WHAT YOU WILL DO:
From the first line to the last, write out the records exactly, leaving the pictures behind.

[EXTRACTED RECORDS]

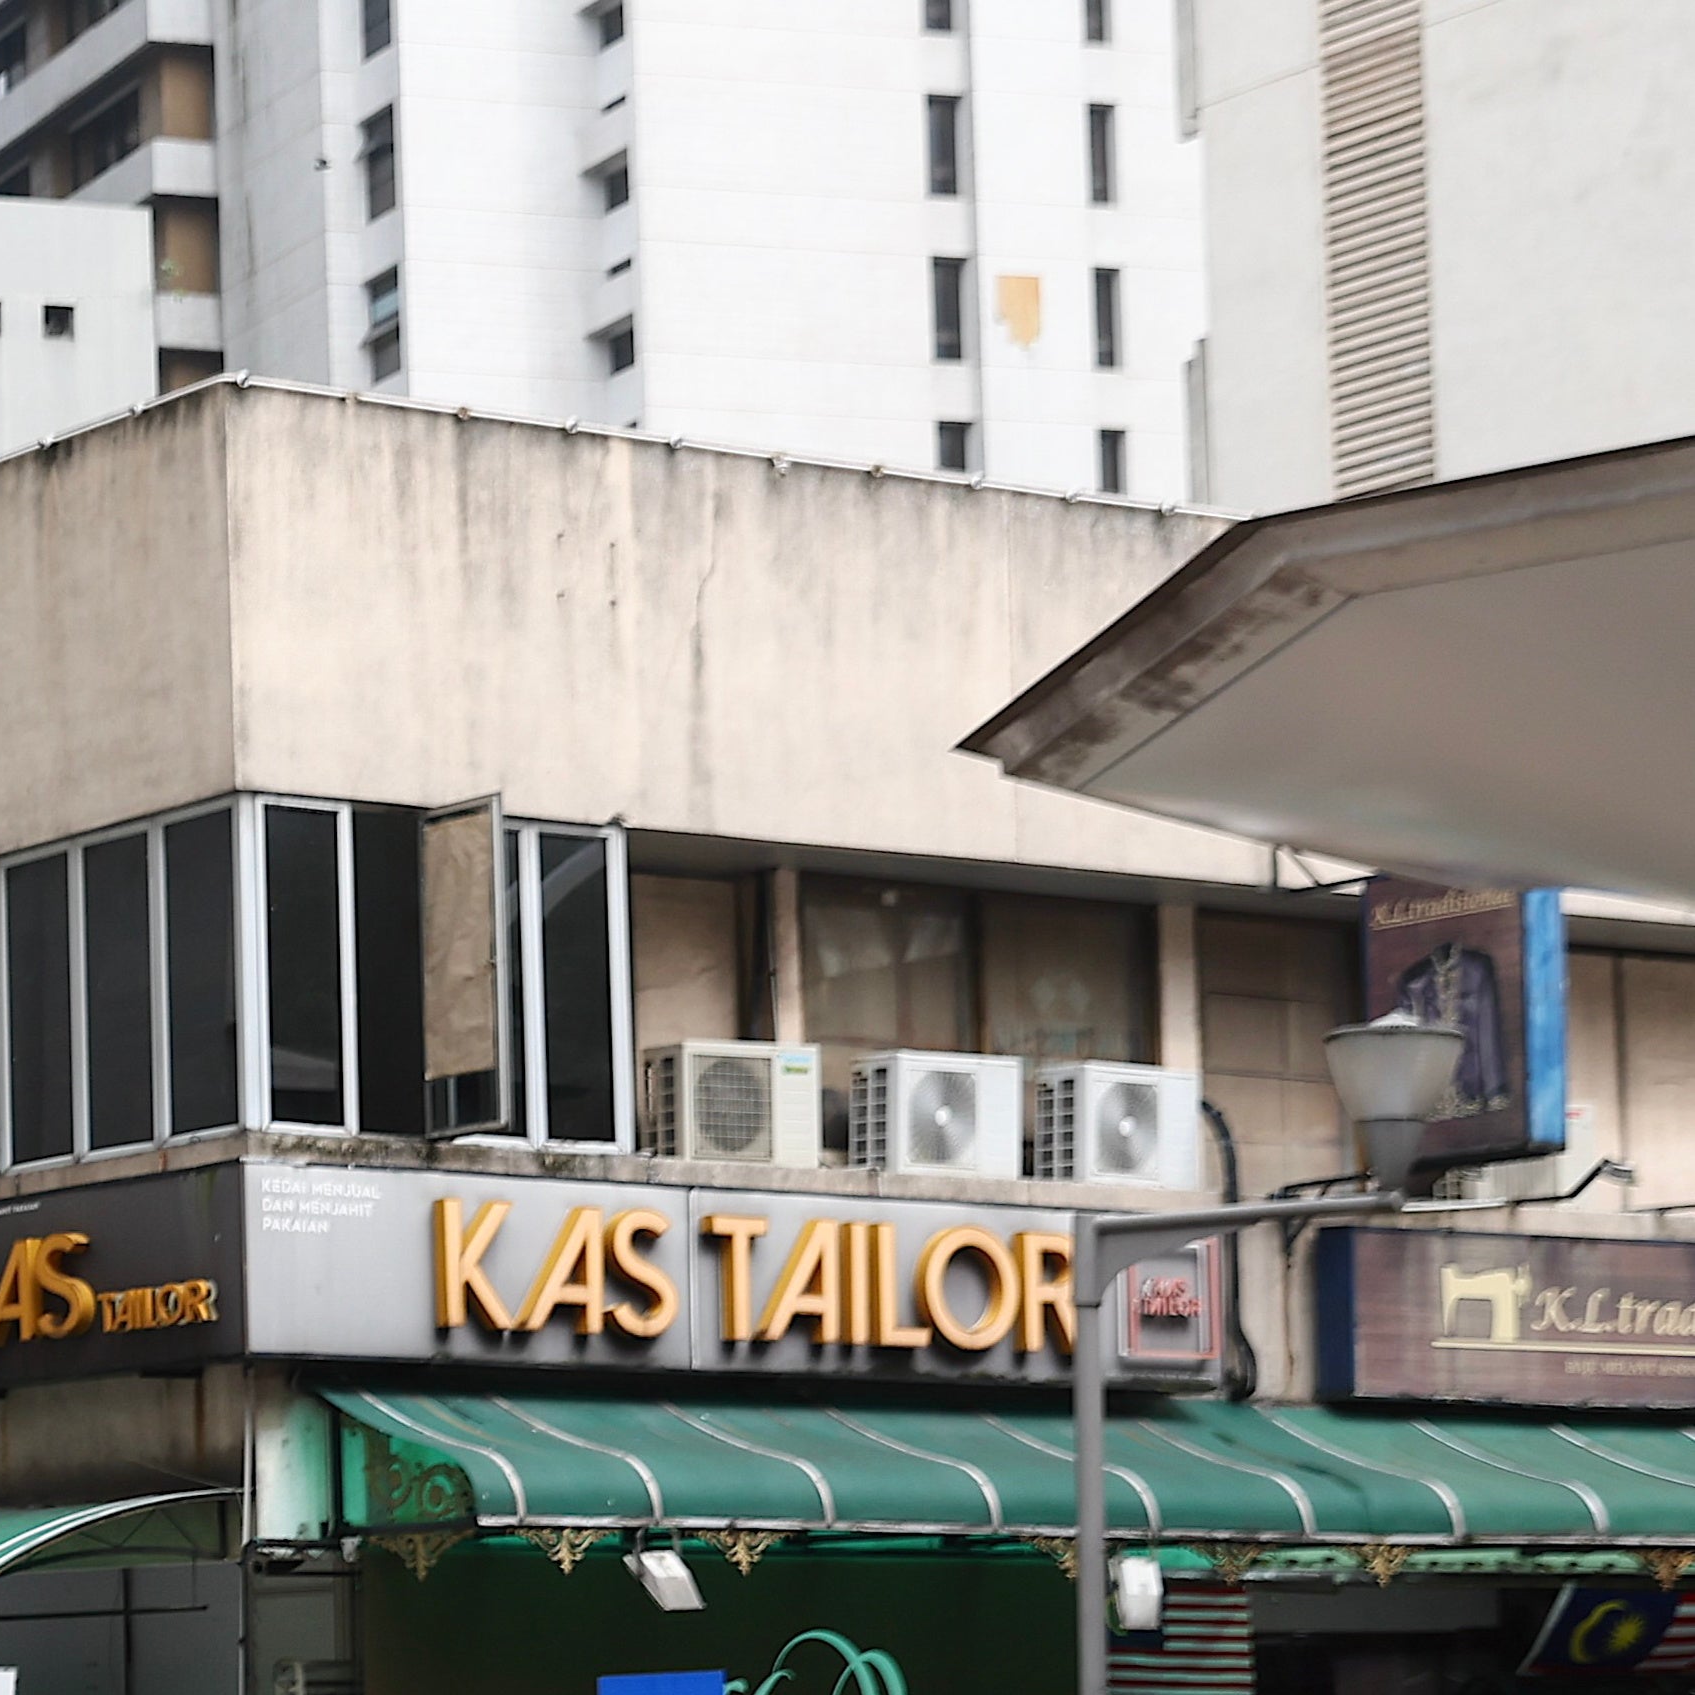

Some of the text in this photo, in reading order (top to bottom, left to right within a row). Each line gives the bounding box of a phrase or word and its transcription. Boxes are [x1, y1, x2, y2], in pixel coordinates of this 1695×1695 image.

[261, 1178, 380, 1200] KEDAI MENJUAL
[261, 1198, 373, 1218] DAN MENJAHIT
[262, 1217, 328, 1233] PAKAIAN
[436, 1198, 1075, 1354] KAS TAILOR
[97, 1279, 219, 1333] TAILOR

[/EXTRACTED RECORDS]

TASK OUTPUT:
Some of the text in this photo, in reading order (top to bottom, left to right within a row). Each line gives the bounding box of a phrase or word and its transcription. Boxes are [x1, y1, x2, y2], in pixel coordinates of this 1695×1695 image.

[261, 1178, 380, 1200] KEDAI MENJUAL
[261, 1198, 373, 1218] DAN MENJAHIT
[262, 1217, 328, 1233] PAKAIAN
[436, 1198, 1075, 1354] KAS TAILOR
[97, 1279, 219, 1333] TAILOR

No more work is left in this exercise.